Problem requirements> Repeat the entries that follow, exactly as they are written.

Provided records>

····················

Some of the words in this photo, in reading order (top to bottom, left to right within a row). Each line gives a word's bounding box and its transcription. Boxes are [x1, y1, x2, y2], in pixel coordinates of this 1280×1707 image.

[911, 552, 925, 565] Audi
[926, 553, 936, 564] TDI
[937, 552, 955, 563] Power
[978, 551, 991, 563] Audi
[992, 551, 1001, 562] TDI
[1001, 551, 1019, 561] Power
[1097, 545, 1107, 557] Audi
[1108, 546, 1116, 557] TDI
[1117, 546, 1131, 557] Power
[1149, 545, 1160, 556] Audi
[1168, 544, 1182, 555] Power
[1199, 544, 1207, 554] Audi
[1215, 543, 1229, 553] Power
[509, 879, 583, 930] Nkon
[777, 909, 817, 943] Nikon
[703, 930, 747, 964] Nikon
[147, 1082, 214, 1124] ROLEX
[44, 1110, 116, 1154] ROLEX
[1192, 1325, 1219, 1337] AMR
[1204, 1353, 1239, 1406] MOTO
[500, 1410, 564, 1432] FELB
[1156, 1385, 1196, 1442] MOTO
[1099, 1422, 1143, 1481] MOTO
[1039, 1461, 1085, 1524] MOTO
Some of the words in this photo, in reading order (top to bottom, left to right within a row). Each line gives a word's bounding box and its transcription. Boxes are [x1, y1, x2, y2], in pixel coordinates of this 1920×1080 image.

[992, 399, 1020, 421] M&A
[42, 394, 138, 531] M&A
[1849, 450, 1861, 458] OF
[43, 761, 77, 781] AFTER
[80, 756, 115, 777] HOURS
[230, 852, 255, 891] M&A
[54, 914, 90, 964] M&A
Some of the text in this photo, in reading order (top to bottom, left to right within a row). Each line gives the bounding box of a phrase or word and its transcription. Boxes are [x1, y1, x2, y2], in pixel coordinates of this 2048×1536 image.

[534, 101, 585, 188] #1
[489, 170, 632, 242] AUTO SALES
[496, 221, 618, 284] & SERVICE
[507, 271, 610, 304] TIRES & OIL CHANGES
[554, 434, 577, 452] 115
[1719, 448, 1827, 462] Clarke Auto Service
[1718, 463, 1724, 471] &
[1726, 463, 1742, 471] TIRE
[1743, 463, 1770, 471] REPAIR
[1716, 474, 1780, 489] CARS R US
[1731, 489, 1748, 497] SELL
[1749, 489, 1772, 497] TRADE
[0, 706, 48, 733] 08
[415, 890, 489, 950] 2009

····················

Expected answer>
Some of the words in this photo, in reading order (top to bottom, left to right within a row). Each line gives a word's bounding box and its transcription. Boxes are [x1, y1, x2, y2], in pixel coordinates of this 1280×1707 image.

[911, 552, 925, 565] Audi
[926, 553, 936, 564] TDI
[937, 552, 955, 563] Power
[978, 551, 991, 563] Audi
[992, 551, 1001, 562] TDI
[1001, 551, 1019, 561] Power
[1097, 545, 1107, 557] Audi
[1108, 546, 1116, 557] TDI
[1117, 546, 1131, 557] Power
[1149, 545, 1160, 556] Audi
[1168, 544, 1182, 555] Power
[1199, 544, 1207, 554] Audi
[1215, 543, 1229, 553] Power
[509, 879, 583, 930] Nkon
[777, 909, 817, 943] Nikon
[703, 930, 747, 964] Nikon
[147, 1082, 214, 1124] ROLEX
[44, 1110, 116, 1154] ROLEX
[1192, 1325, 1219, 1337] AMR
[1204, 1353, 1239, 1406] MOTO
[500, 1410, 564, 1432] FELB
[1156, 1385, 1196, 1442] MOTO
[1099, 1422, 1143, 1481] MOTO
[1039, 1461, 1085, 1524] MOTO
Some of the words in this photo, in reading order (top to bottom, left to right within a row). Each line gives a word's bounding box and its transcription. Boxes are [x1, y1, x2, y2], in pixel coordinates of this 1920×1080 image.

[992, 399, 1020, 421] M&A
[42, 394, 138, 531] M&A
[1849, 450, 1861, 458] OF
[43, 761, 77, 781] AFTER
[80, 756, 115, 777] HOURS
[230, 852, 255, 891] M&A
[54, 914, 90, 964] M&A
Some of the text in this photo, in reading order (top to bottom, left to right within a row). Each line gives the bounding box of a phrase or word and its transcription. Boxes are [x1, y1, x2, y2], in pixel coordinates of this 2048×1536 image.

[534, 101, 585, 188] #1
[489, 170, 632, 242] AUTO SALES
[496, 221, 618, 284] & SERVICE
[507, 271, 610, 304] TIRES & OIL CHANGES
[554, 434, 577, 452] 115
[1719, 448, 1827, 462] Clarke Auto Service
[1718, 463, 1724, 471] &
[1726, 463, 1742, 471] TIRE
[1743, 463, 1770, 471] REPAIR
[1716, 474, 1780, 489] CARS R US
[1731, 489, 1748, 497] SELL
[1749, 489, 1772, 497] TRADE
[0, 706, 48, 733] 08
[415, 890, 489, 950] 2009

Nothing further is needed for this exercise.